Problem to work on
Could you set down the listing below exactly, leaving out its pictures?
════════════════
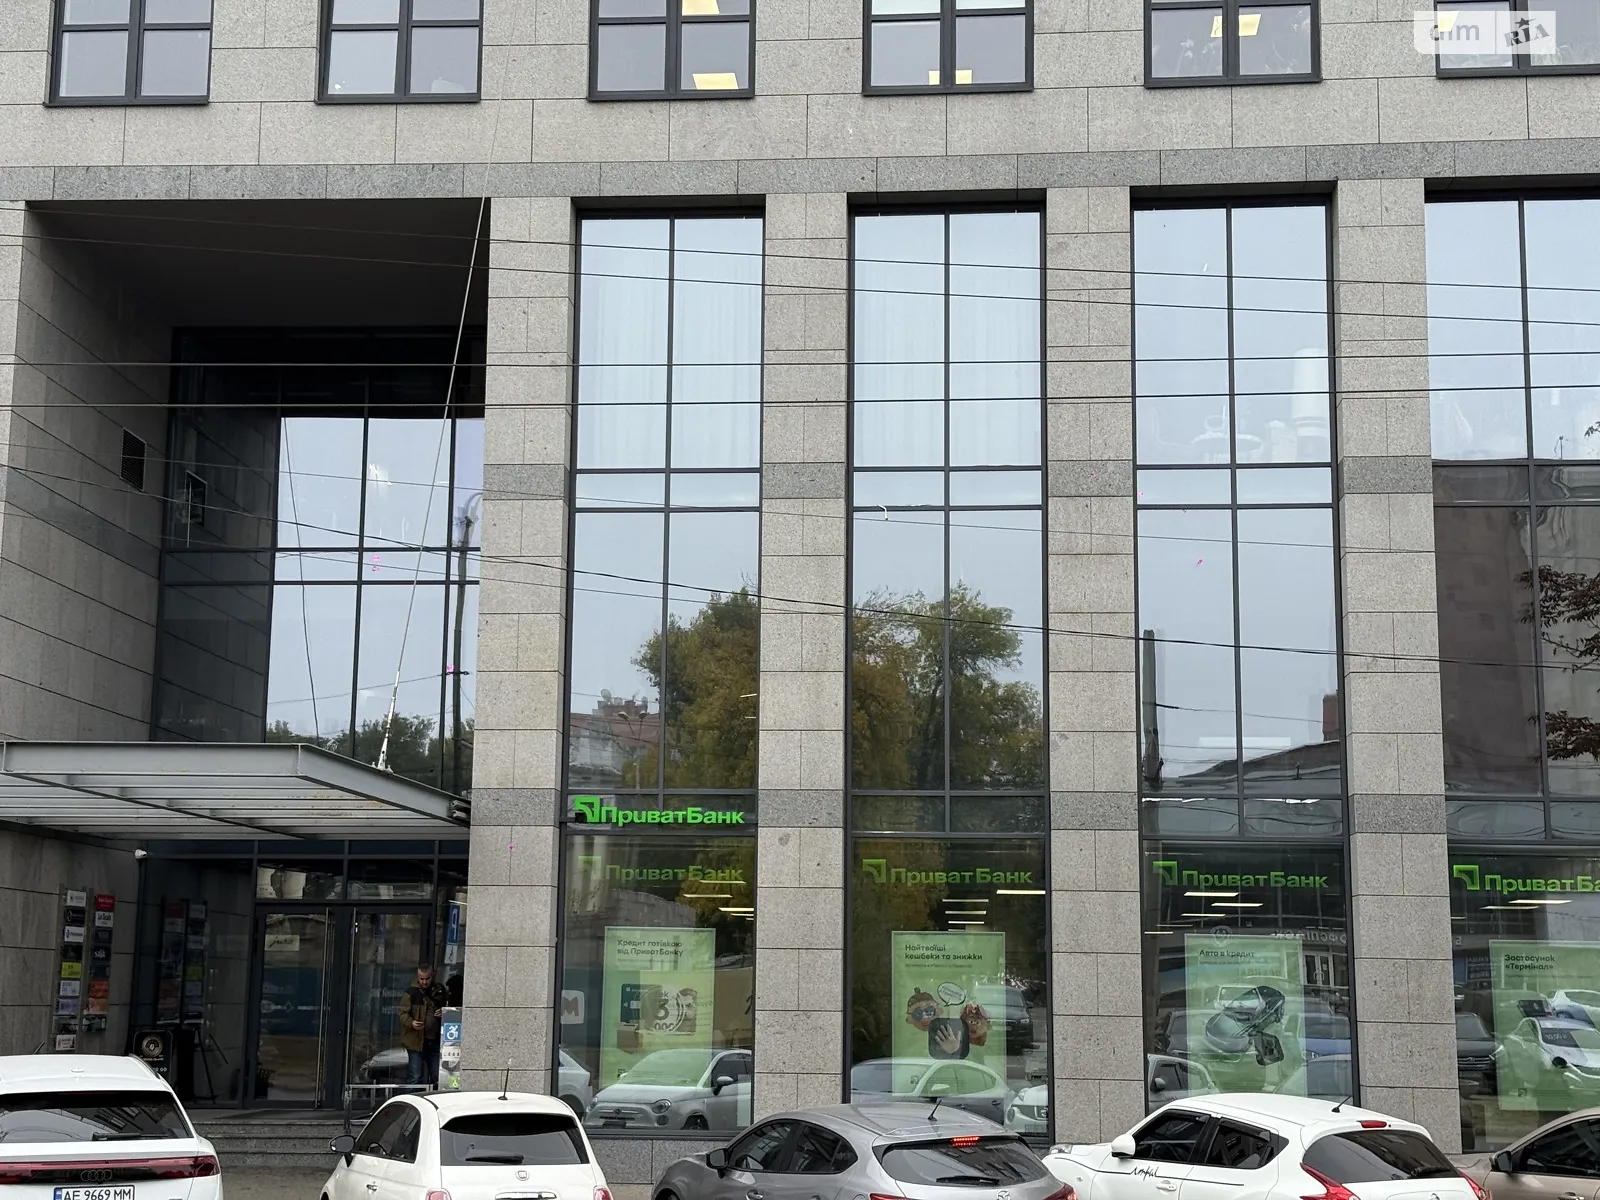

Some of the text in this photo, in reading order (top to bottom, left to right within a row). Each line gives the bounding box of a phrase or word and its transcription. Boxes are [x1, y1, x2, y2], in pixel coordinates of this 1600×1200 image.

[601, 806, 745, 827] ПриватБанк
[1199, 949, 1219, 957] Авто
[1504, 954, 1555, 963] Застосунок
[84, 1189, 110, 1200] 9669
[114, 1188, 131, 1200] MM
════════════════
Response to the task
Some of the text in this photo, in reading order (top to bottom, left to right within a row). Each line gives the bounding box of a phrase or word and its transcription. Boxes are [x1, y1, x2, y2], in pixel coordinates of this 1600×1200 image.

[601, 806, 745, 827] ПриватБанк
[1199, 949, 1219, 957] Авто
[1504, 954, 1555, 963] Застосунок
[84, 1189, 110, 1200] 9669
[114, 1188, 131, 1200] MM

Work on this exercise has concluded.